This is the danger of similar articles today.  The predictions and experimental results are often accepted as fact and used as basis for energy policy. We want it to be so thus it is so, is today’s narrative.  In today’s non discussion of energy policy this narrative is highly dangerous. Policy is being set on based upon wishes and model predictions, not upon experimental and observed results.

 

Energy Fun fact #1

A Game-Changing Vision for Geothermal Energy

Deep drilling, 30,000 feet, is very expensive and was developed by the oil and gas industry.  Depending upon the size of the oil field it becomes economical.  The geothermal industry is now trying to apply the oil industry deep drilling techniques to generate geothermal produced electricity but a problem is developing and that is the cost issue.

In Energy Fun Facts, (6-28-2021) I posted an article (EFF#2) on Geothermal power using deep drilling.  In that article the geothermal industry could find sufficient heat at deep depths but the drilling costs were too great to develop economical electricity. The geothermal industry claimed the oil industry had unfair advantages and the geothermal industry deserved subsidies.  The reality is the geothermal industry found heat which is not nearly as valuable as oil.

In this article, the geothermal industry is proposing to use some of the oil industry drilling techniques but to replace the rock grinding drilling head with some sort of microwave generating and gas to vaporize the rock and suck it from the drilling tube.  Will it work? Who know? Is it cost effective Who knows, it is purely experimental at this point? All of the projections of terawatts of electrical power are only wishes and hopes. They are not the basis for any energy policy.

What is interesting is the adaption of drilling techniques from the hated oil and gas industry. no credit is given to the industry for the drilling technique development. However if  the geothermal process become economically viable in some distant future, it will exist because of the oil and gas industry.

 

Energy Fun Fact #2

https://www.forbes.com/sites/jeffmcmahon/2021/06/23/us-agency-sees-greater-potential-for-european-style-energy-islands/?sh=703b9dc29f92

What does this article really say?  The narrative is wind turbine platforms and solar floating platforms will be expanded and be used to develop other green energy applications.  The reality is small factories for producing `green’ hydrogen, or seaweed processing for a litany of wonderful products will be built off shore. So what?

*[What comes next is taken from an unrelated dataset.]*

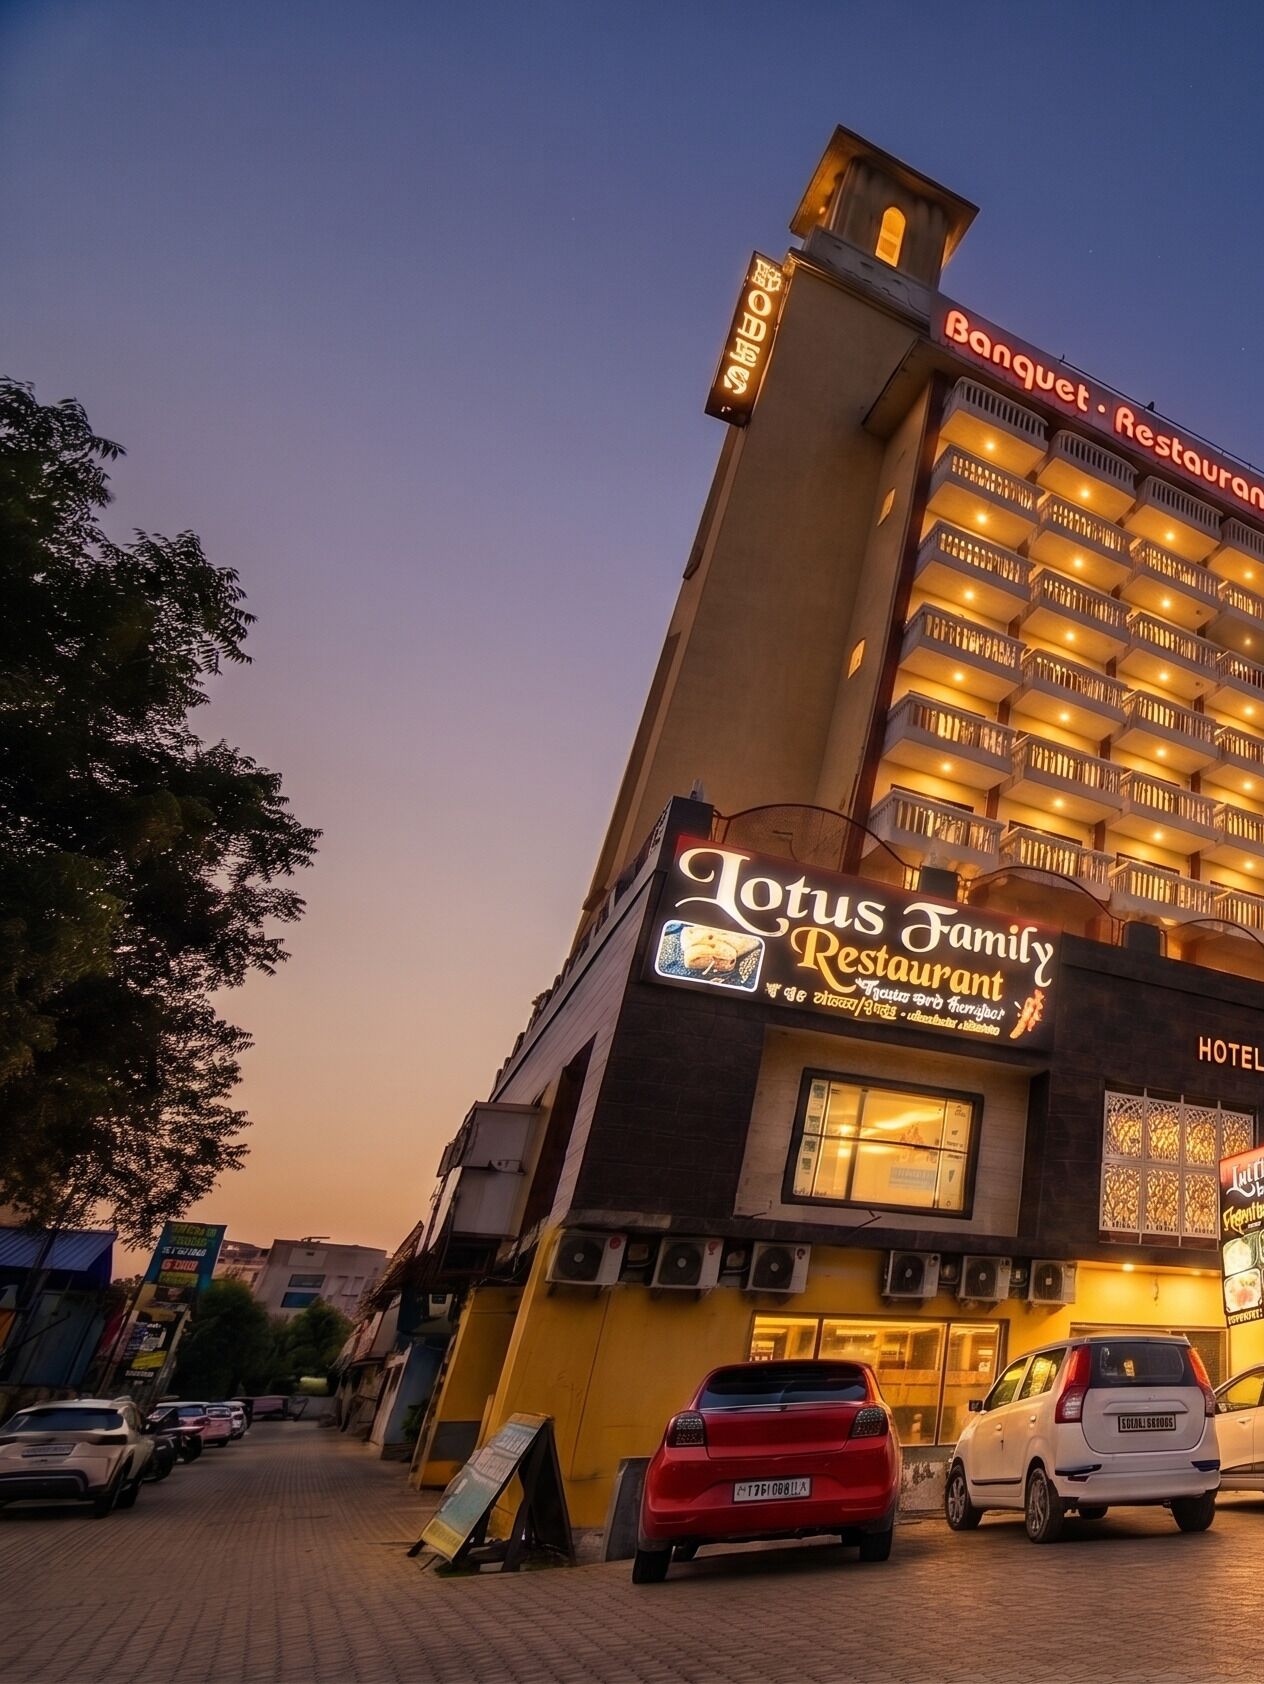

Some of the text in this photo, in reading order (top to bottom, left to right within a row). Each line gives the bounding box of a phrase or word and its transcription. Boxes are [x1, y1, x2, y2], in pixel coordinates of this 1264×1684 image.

Manufacturing hydrogen at sea or seaweed processing requires energy.  This means less electricity will be transmitted to the land grid.  It also means every wind turbine and floating solar platform requires its own processing plant thus hundreds must be built.

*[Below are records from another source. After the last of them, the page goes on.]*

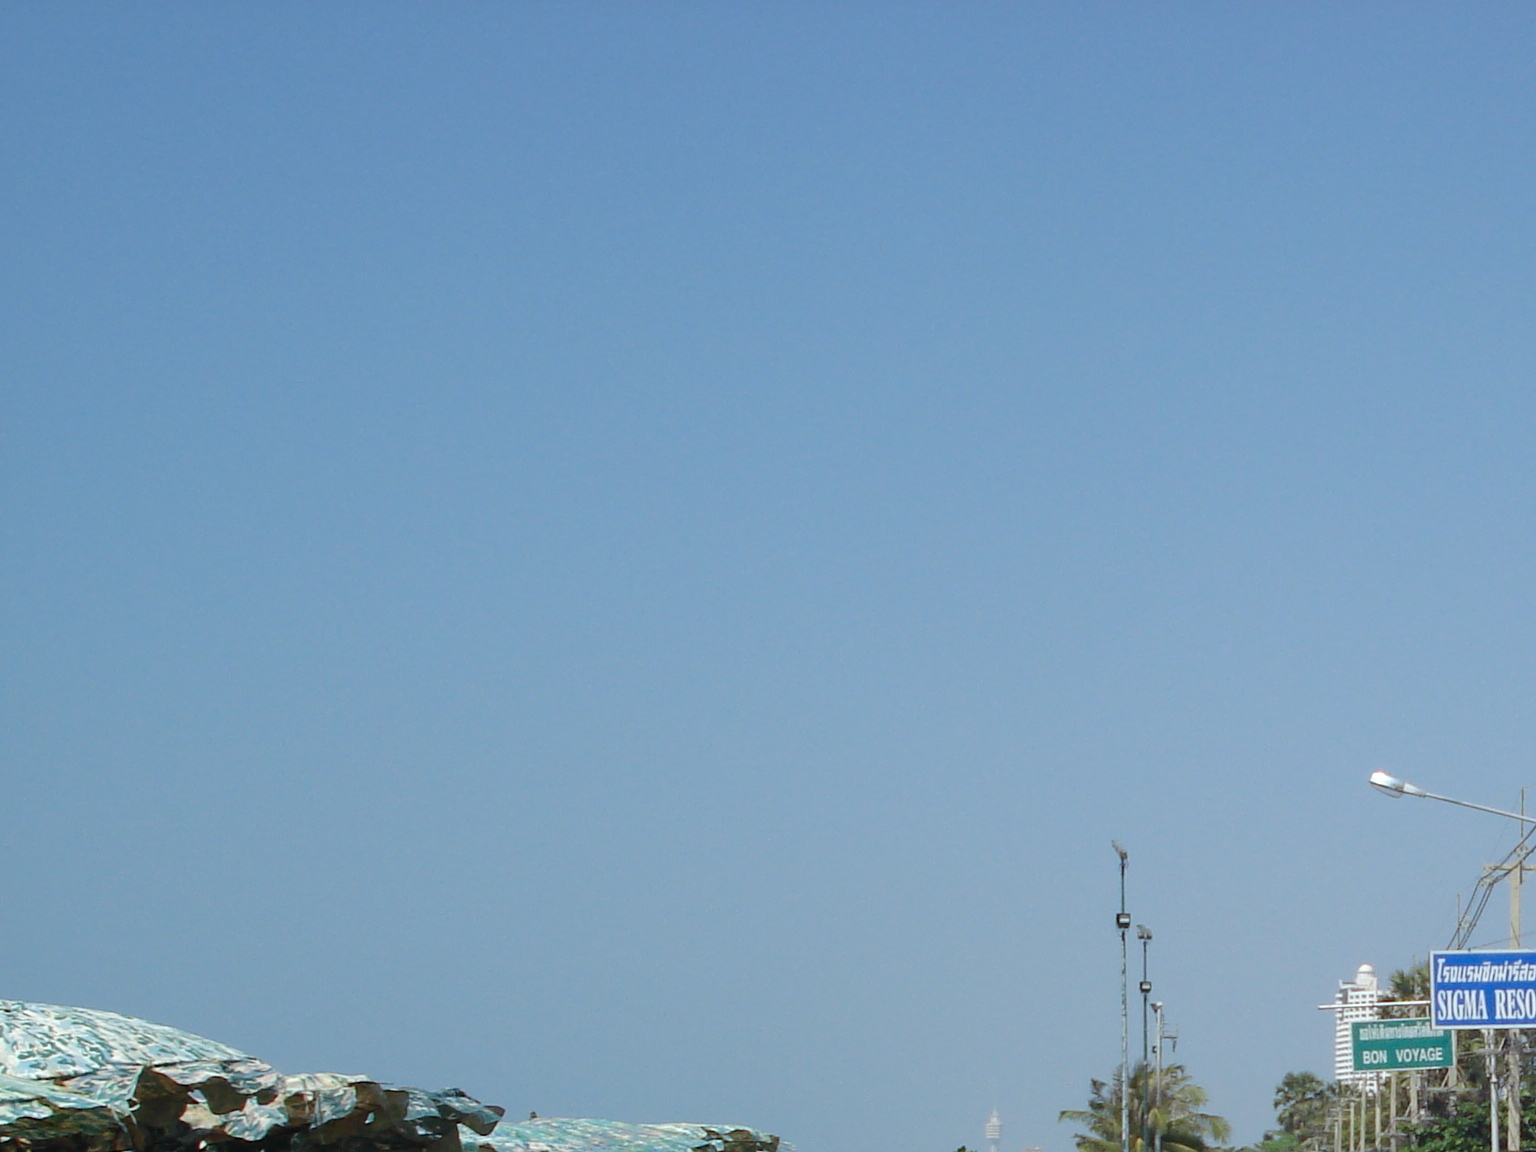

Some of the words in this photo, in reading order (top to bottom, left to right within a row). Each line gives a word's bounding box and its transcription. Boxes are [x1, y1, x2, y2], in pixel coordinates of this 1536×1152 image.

[1437, 989, 1488, 1020] SIGMA
[1363, 1051, 1387, 1065] BON
[1395, 1048, 1443, 1063] VOYAGE
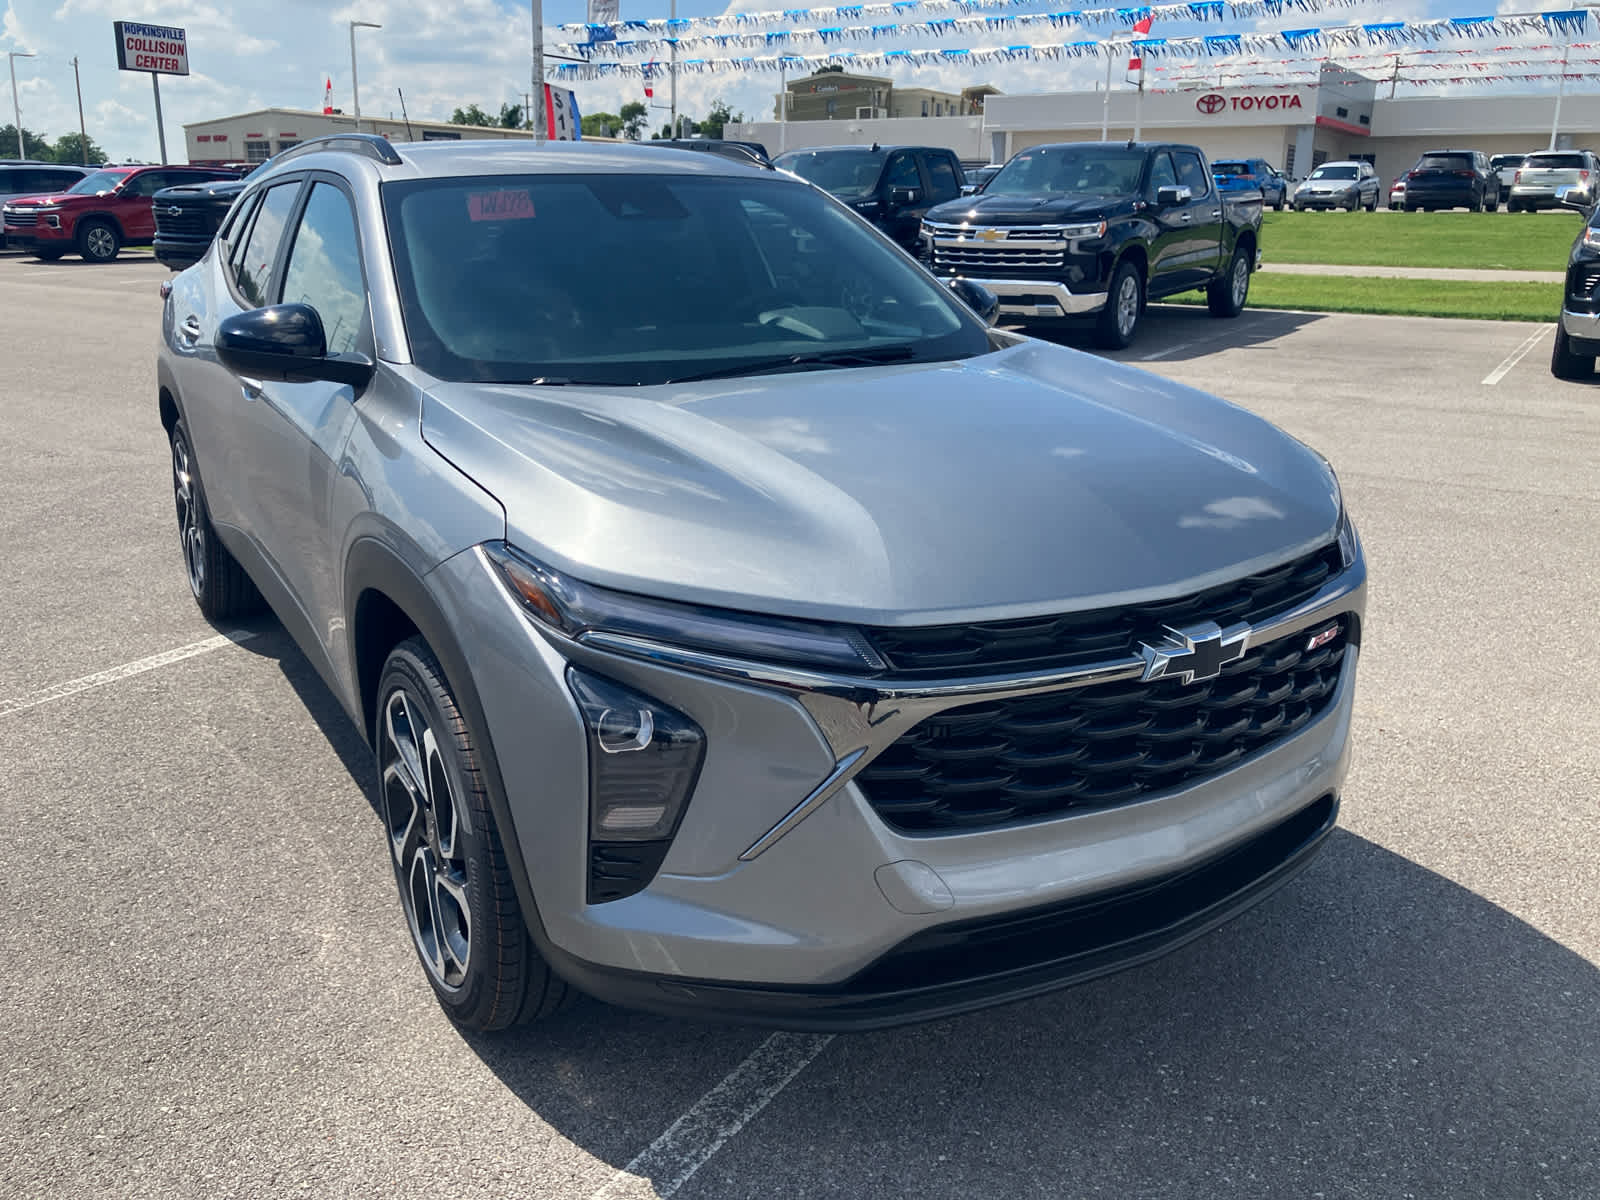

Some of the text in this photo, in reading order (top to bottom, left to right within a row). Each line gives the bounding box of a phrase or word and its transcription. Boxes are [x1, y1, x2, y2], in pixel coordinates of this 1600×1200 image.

[124, 23, 184, 40] HOPKINSVILLE
[126, 37, 185, 56] COLLISION
[135, 54, 179, 71] CENTER
[1230, 94, 1302, 111] TOYOTA

The narrative is the energy island is green and thus is a wonderful idea.  However, the energy island idea is merely a cost issue.  Is it cheaper to build multiple small processing plants on the platforms rather than a large one on land? Is it cheaper to transmit electricity to land and use it for processing there or are transmission costs higher than transporting seaweed products and hydrogen from sea to land?

There are no answers now and there may not be answers for many years.  The article presents a manufacturing cost decision as a green `save the world’ energy decision.

 

Energy Fun Fact #3

https://www.canarymedia.com/articles/california-is-closing-in-on-repurposing-ev-batteries-to-store-clean-energy-for-the-grid/

Strip away the `clean energy mandates and increased government support (payoffs and forced subsidies) boosting the call for grid storage.’ the question becomes is it technically possible and economically feasible to reuse EV batteries. No, it is not because if it was mandates and subsidies would not be required. Is it possible for this to occur in the future?  Perhaps but the technology improvements will have to be significant.

This article reveals a major ignored cost of EV and green energy, waste disposal.

 

Energy Fun Fact #4

Climate Change in 15 Minutes

If you want a concise and accurate description of `climate change’, read this.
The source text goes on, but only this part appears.